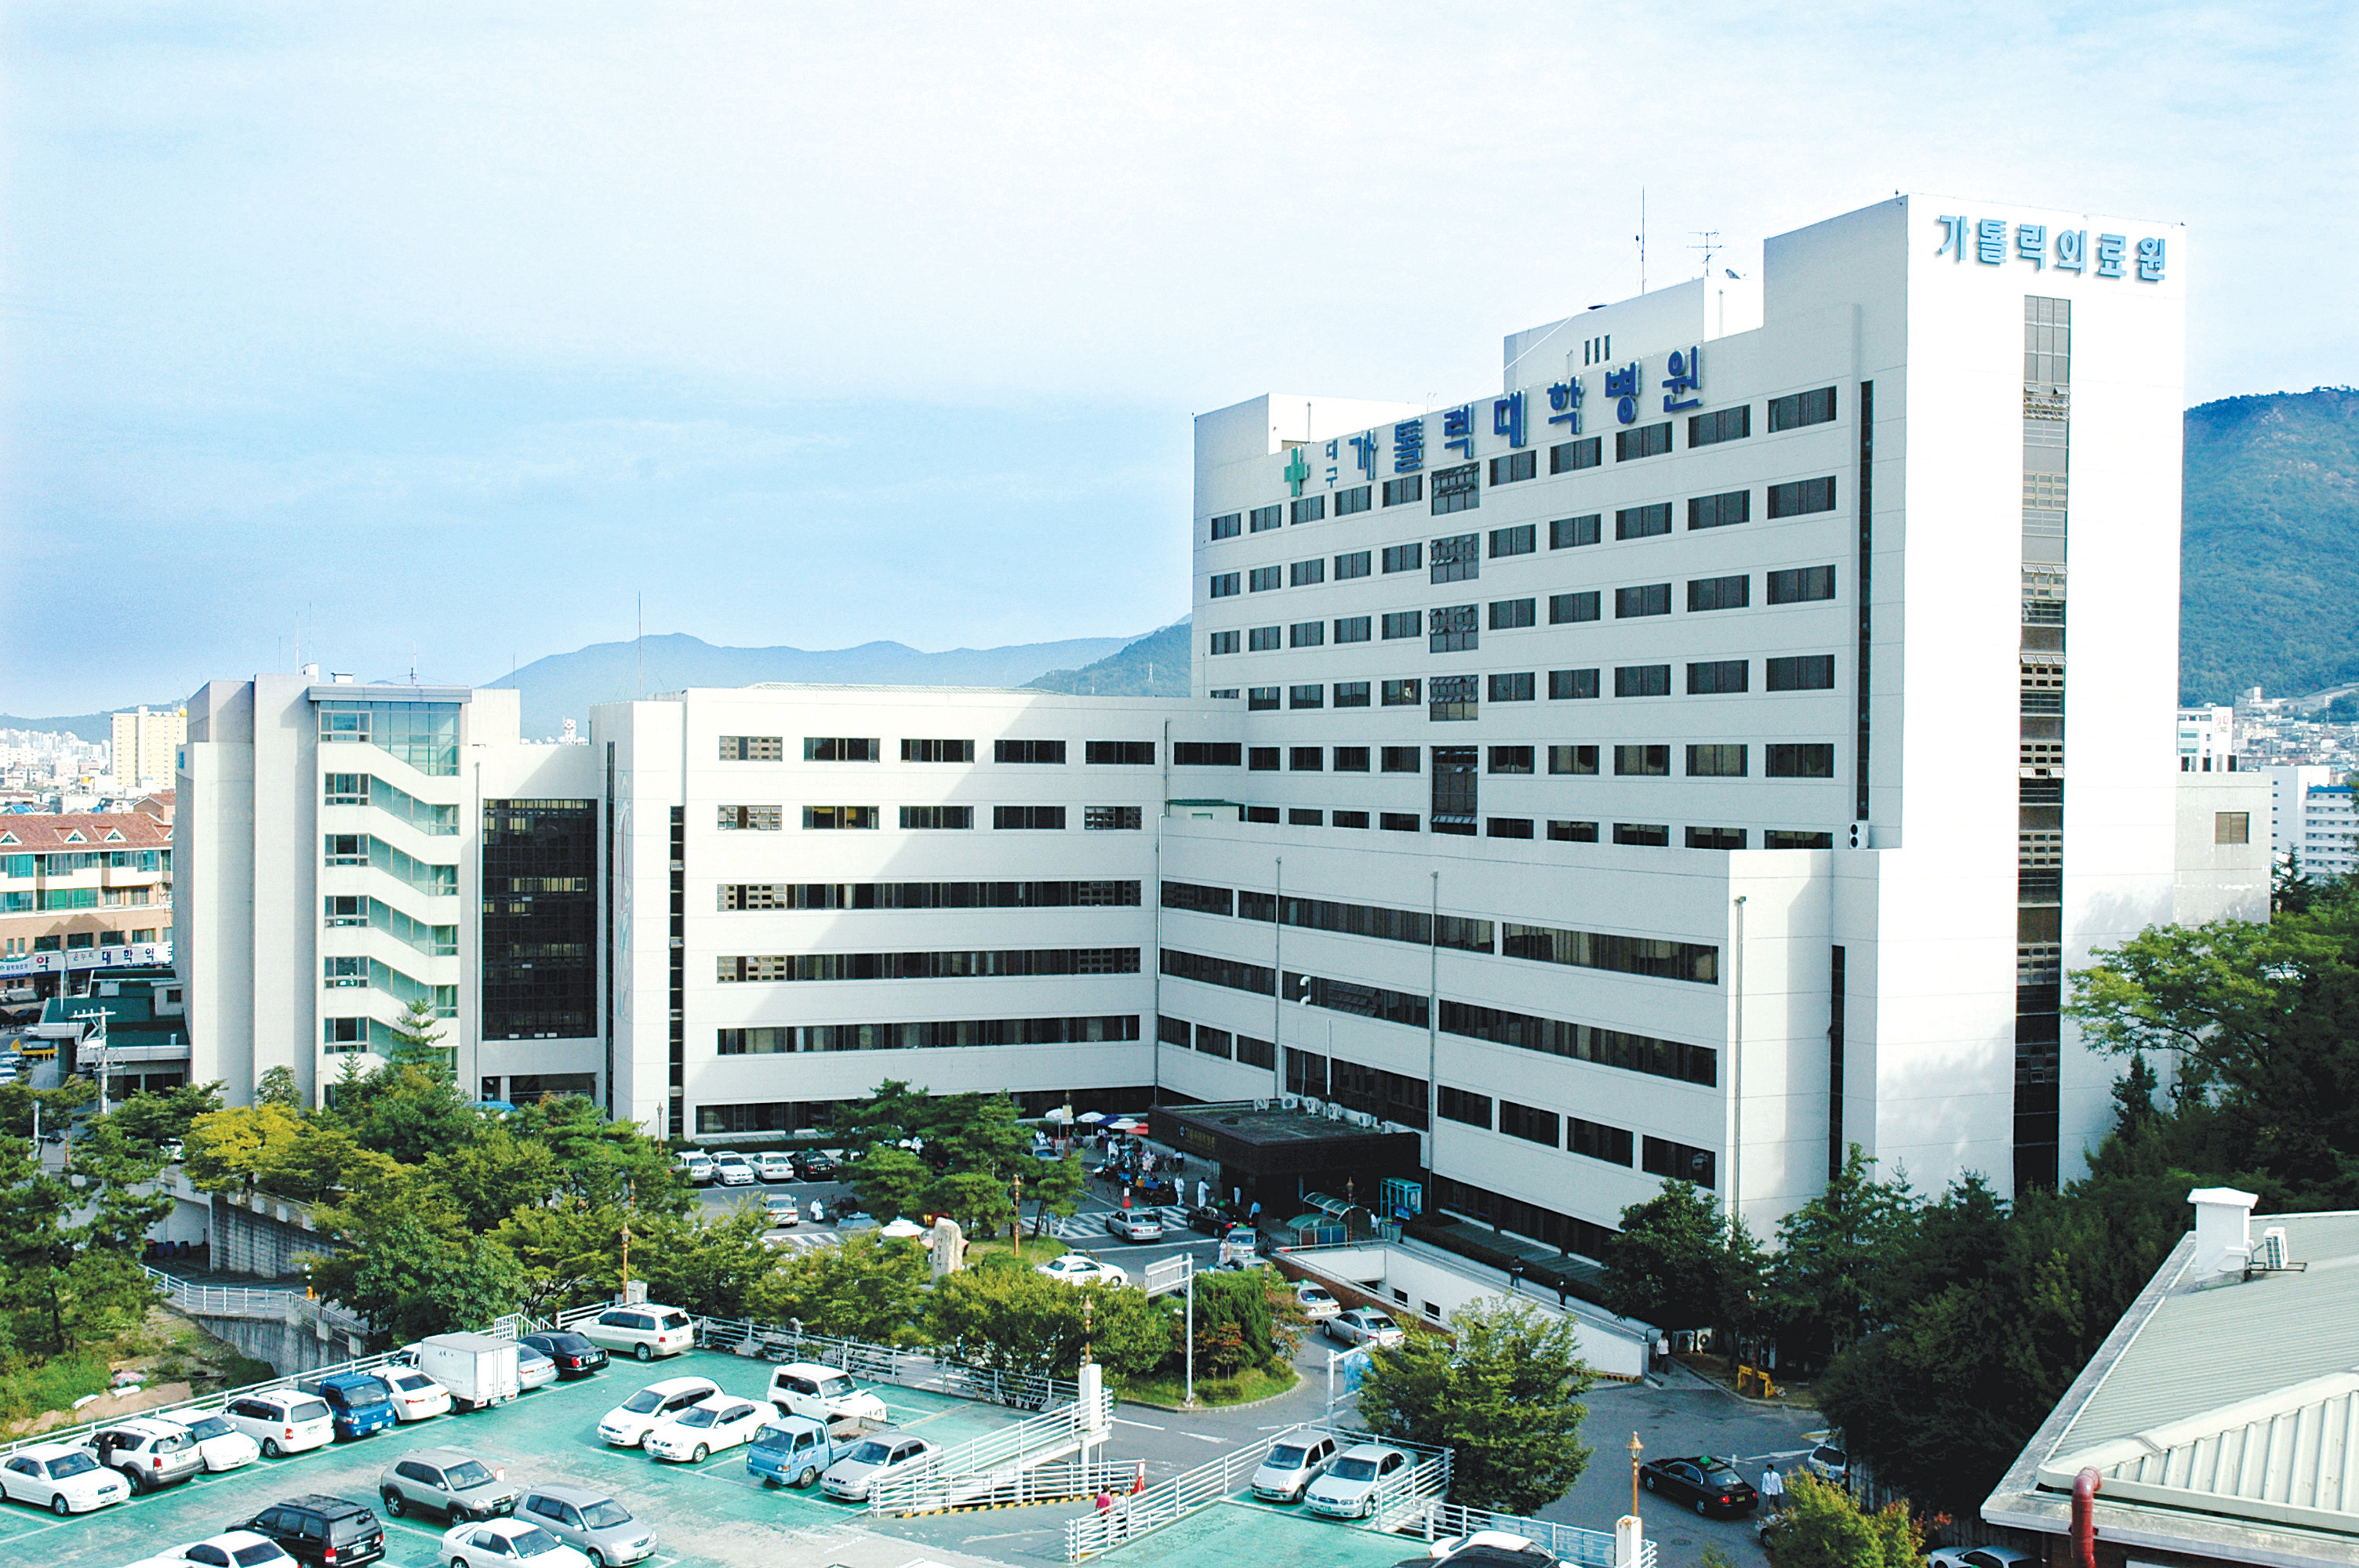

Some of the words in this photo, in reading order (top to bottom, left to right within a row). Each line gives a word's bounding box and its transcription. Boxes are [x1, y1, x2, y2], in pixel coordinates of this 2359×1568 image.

[1938, 215, 2165, 281] 가톨릭의료원
[1349, 346, 1703, 481] 가톨릭대학병원
[36, 956, 49, 971] 약
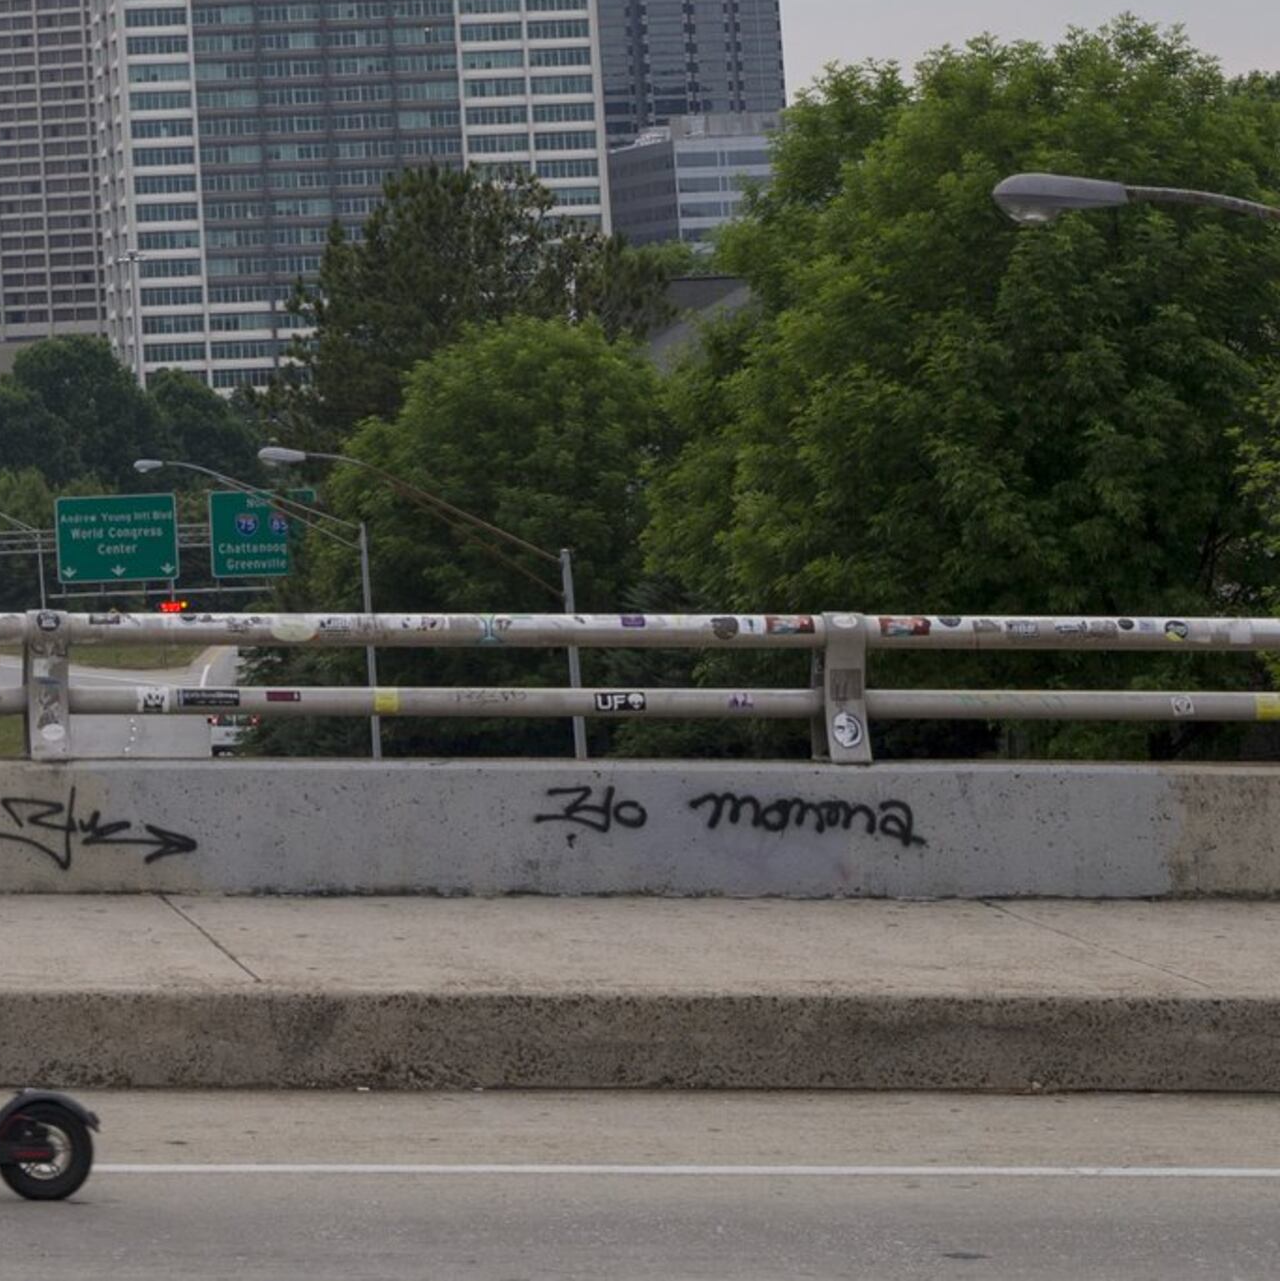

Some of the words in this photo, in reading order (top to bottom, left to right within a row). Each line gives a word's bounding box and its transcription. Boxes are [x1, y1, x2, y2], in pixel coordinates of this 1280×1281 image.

[60, 513, 97, 523] Andrew
[100, 511, 132, 523] Young
[239, 520, 255, 531] 75
[70, 527, 104, 539] World
[107, 526, 164, 540] Congress
[97, 543, 138, 555] Center
[218, 543, 287, 555] Chattanoog

=======

Every line of the data above should be repeated exactly. Omit the pictures.

**Task solution:**
Some of the words in this photo, in reading order (top to bottom, left to right within a row). Each line gives a word's bounding box and its transcription. Boxes are [x1, y1, x2, y2], in pixel coordinates of this 2359×1568 image.

[1938, 215, 2165, 281] 가톨릭의료원
[1349, 346, 1703, 481] 가톨릭대학병원
[36, 956, 49, 971] 약

Some of the words in this photo, in reading order (top to bottom, left to right within a row). Each line gives a word's bounding box and its transcription. Boxes are [x1, y1, x2, y2], in pixel coordinates of this 1280×1281 image.

[60, 513, 97, 523] Andrew
[100, 511, 132, 523] Young
[239, 520, 255, 531] 75
[70, 527, 104, 539] World
[107, 526, 164, 540] Congress
[97, 543, 138, 555] Center
[218, 543, 287, 555] Chattanoog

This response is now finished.